Samurai bonds flourish in global credit crisis
TOKYO: Major banks have rushed to tap Japanese investors as the global credit crisis makes lenders wary and, with U.S. and European markets under strain, more banks are expected to take advantage.
Royal Bank of Canada made its first sale of Samurai bonds on Tuesday, raising more than ¥146 billion in three tranches.
The Canadian bank is the latest foreign entity to issue yen bonds in Japan, or Samurai bonds, following in the footsteps of companies from South Korea and Australia, among other countries.
But U.S. banks have been noticeably absent, bankers said, partly because investors have been wary of the exposure of U.S. banks to the mortgage-backed securities market that sparked the global credit crisis.
"To overseas issuers, Japanese financial markets are more stable and less affected by the subprime mortgage woes," said Katsuhide Takahashi, senior credit analyst at Nikko Citigroup.
"With the interests of issuers and investors coming together, this trend of new issuers should continue."
The issuance of Samurai bonds has shown little change despite the onslaught of the global credit crisis, which blew up last August.
Issuance has totaled nearly ¥320 billion, or $3.1 billion, since the new business year started this month, including Royal Bank of Canada's offering.
That's on top of a record ¥2.6 trillion in the last business year as Japanese investors, frustrated by falling interest rates at home, snapped up the higher yields offered by foreign financial firms that have emerged relatively unscathed from the mushrooming U.S. mortgage crisis.
Royal Bank of Canada was among many first-time Samurai issuers this year.
Kookmin Bank of South Korea also sold its first yen bonds in Japan last week after postponing a deal earlier in the year because of volatile market conditions.

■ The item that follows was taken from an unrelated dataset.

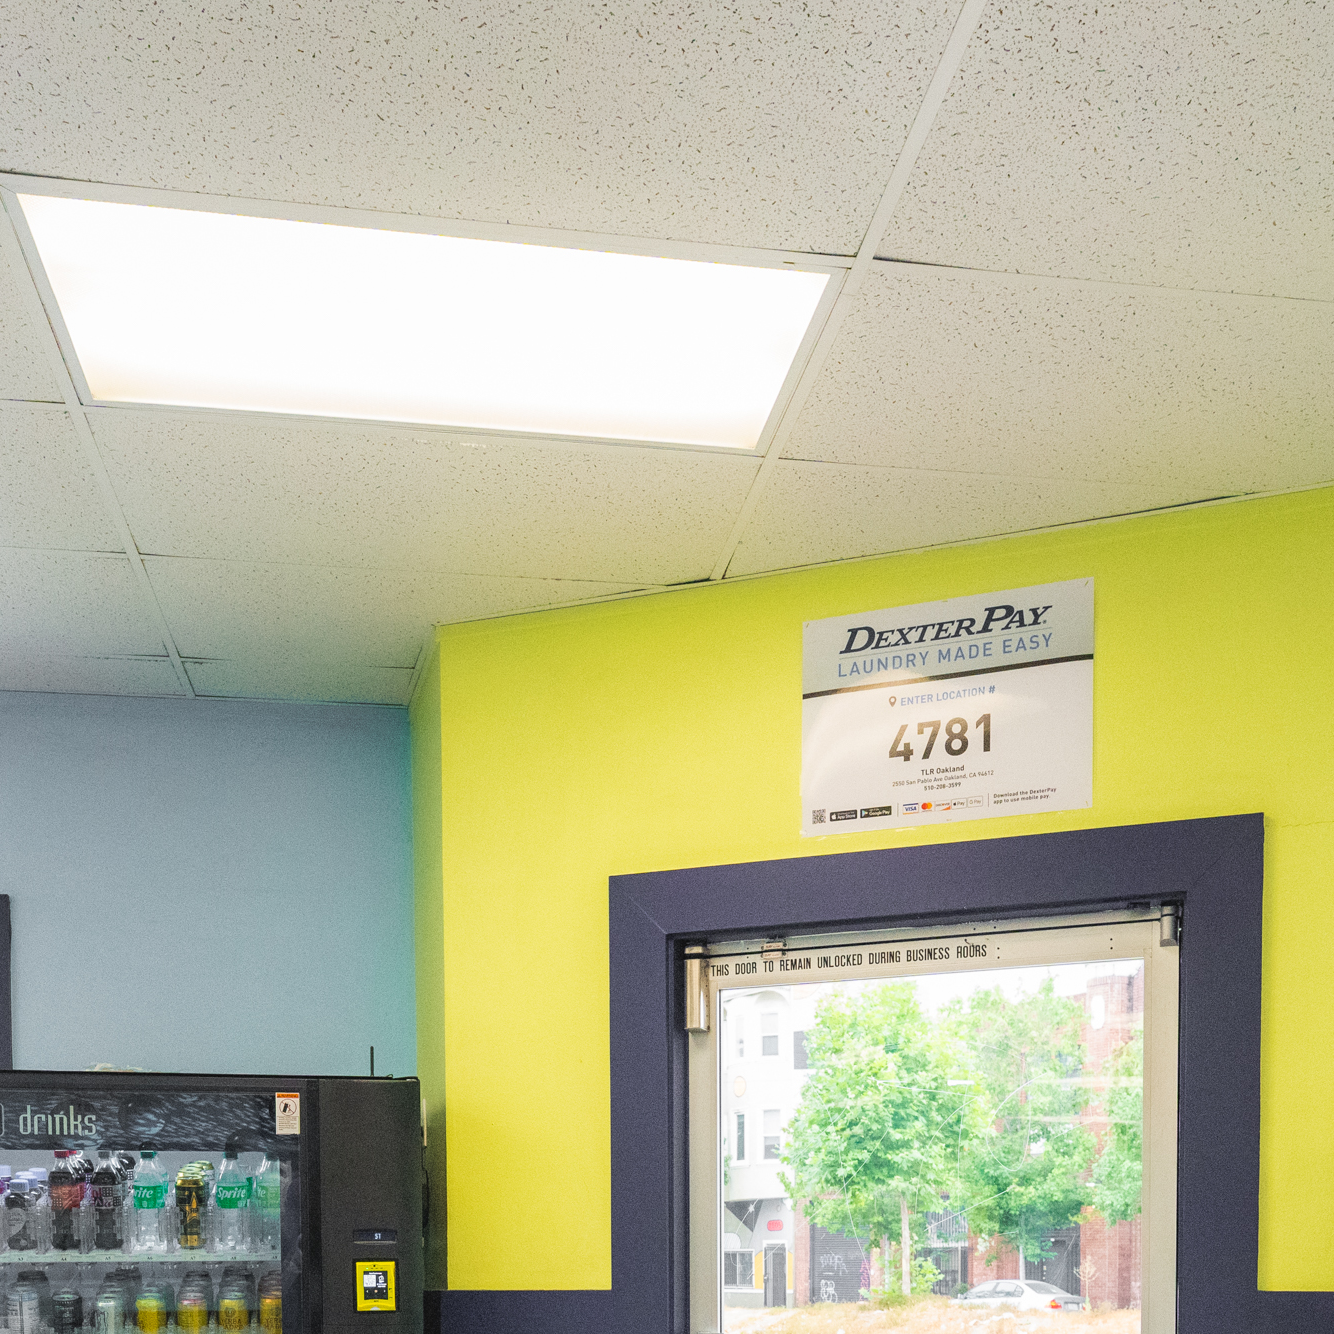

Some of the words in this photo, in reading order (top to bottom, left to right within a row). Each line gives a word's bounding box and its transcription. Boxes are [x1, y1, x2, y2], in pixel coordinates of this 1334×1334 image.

Typically, the Samurai market had been dominated by big-name U.S. companies like Citigroup and Merrill Lynch because of their high credit ratings and efforts to establish a strong presence in the Japanese market.
But Japanese investors have become skittish about investing in banks hard hit by the credit crunch.
With Japanese official interest rates at just 0.5 percent and little prospect of moving higher owing to the expected slowdown in the world economy, Japanese investors are looking for higher returns.
These include many of Japan's top life insurers, who said that they wanted to invest more cash in Samurai bonds.
Royal Bank of Canada's five-year, fixed-rate Samurai bond was sold with a coupon of 2.02 percent, well above a domestic five-year offering earlier this week from Mizuho Corporate Bank that offered a coupon of 1.295 percent.
Although the cost of raising funds in Samurai bonds has spiked along with tighter conditions in global credit markets, it is still lower than issuers would have to pay elsewhere because of Japan's low interest rates.
Since Goldman Sachs issued ¥148.5 billion of bonds in late January, there have been no U.S. Samurai bonds offered as credit losses among U.S. banks escalated.